Oklahoma City, Oklahoma –AMAR NATH BHANDARY, M.D., 53, from Edmond, Oklahoma, was sentenced to serve 30 months in prison by United States District Judge Joe Heaton for health care fraud, announced Sanford C. Coats, United States Attorney for the Western District of Oklahoma. Following his release from prison, Judge Heaton ordered Dr. Bhandary to serve three years supervised release and pay a $20,000 fine.

Dr. Bhandary was licensed to practice medicine in Oklahoma and was engaged in the practice of psychiatry. In March of 2012, he was indicted by a federal grand jury in a 53-count indictment alleging illegal distribution of controlled substances. The indictment alleged that Dr. Bhandary dispensed various controlled drugs to eight separate individuals outside the course of professional practice and without a legitimate medical purpose in 2008 and 2009 and that his actions resulted in the death of five of those individuals from drug toxicity.

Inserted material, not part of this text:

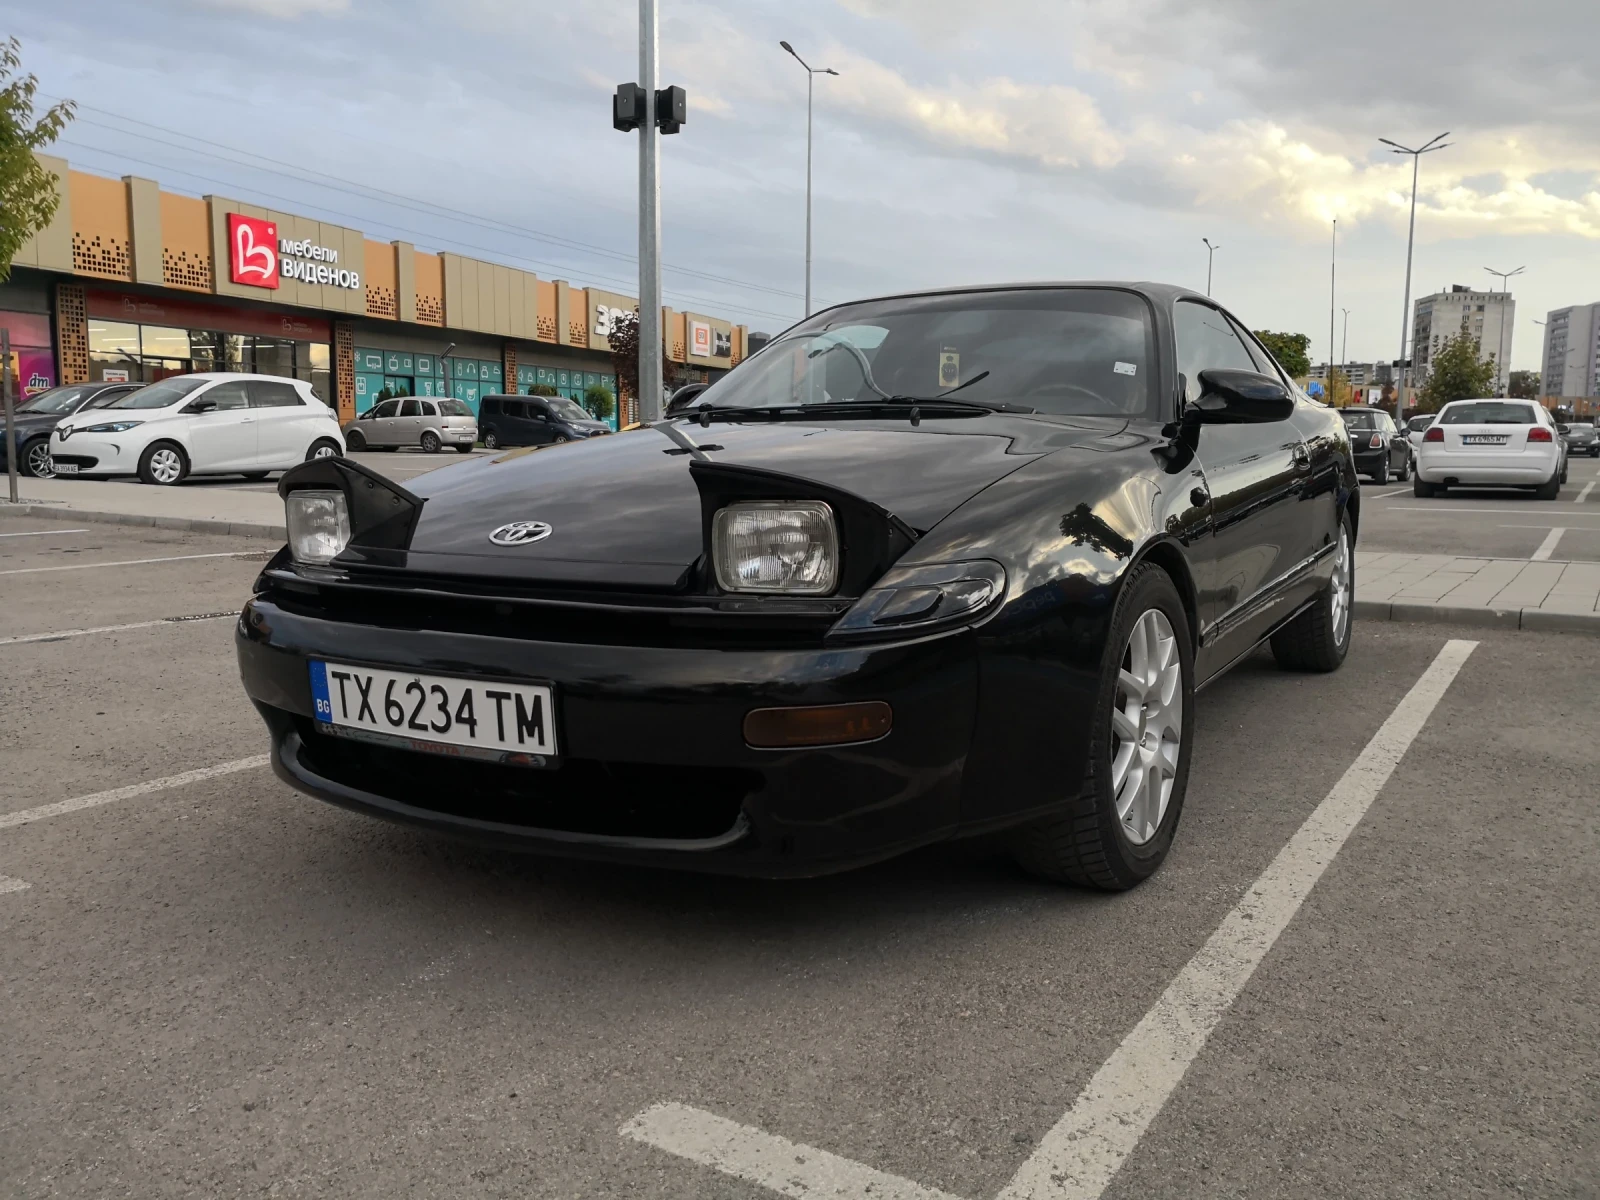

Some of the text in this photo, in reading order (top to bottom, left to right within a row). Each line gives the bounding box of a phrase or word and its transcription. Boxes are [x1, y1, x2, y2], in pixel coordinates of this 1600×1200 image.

[281, 239, 338, 263] мебели
[29, 373, 49, 387] dm
[316, 699, 330, 714] BG
[331, 671, 546, 746] TX 6234 TM

From April 15 – 24, 2013, a jury trial was held in Oklahoma City federal court. On April 24, the Court declared a mistrial after the jury was unable to reach a verdict.

On May 22, 2013, a one-count Superseding Information was filed alleging that from September 10, 2008, through October 8, 2008, Dr. Bhandary engaged in health care fraud by submitting false claims to Medicare for services that he had not provided. On May 28, 2013, Dr. Bhandary pled guilty to committing health care fraud.

At the sentencing hearing, Judge Heaton ordered that Dr. Bhandary serve 30 months in prison, serve three years of supervised release upon his release from prison, pay $20,000 fine, pay restitution to Medicare, and forfeit all interest in commercial property located at 7100 N. Classen Blvd., Suites 107, 111 and 115, in Oklahoma City.

These charges are the result of an investigation by the Drug Enforcement Administration, the Federal Bureau of Investigation, and the Norman Police Department. The case was prosecuted by Assistant U.S. Attorney David P. Petermann and former Assistant U.S. Attorney Randy Sengel.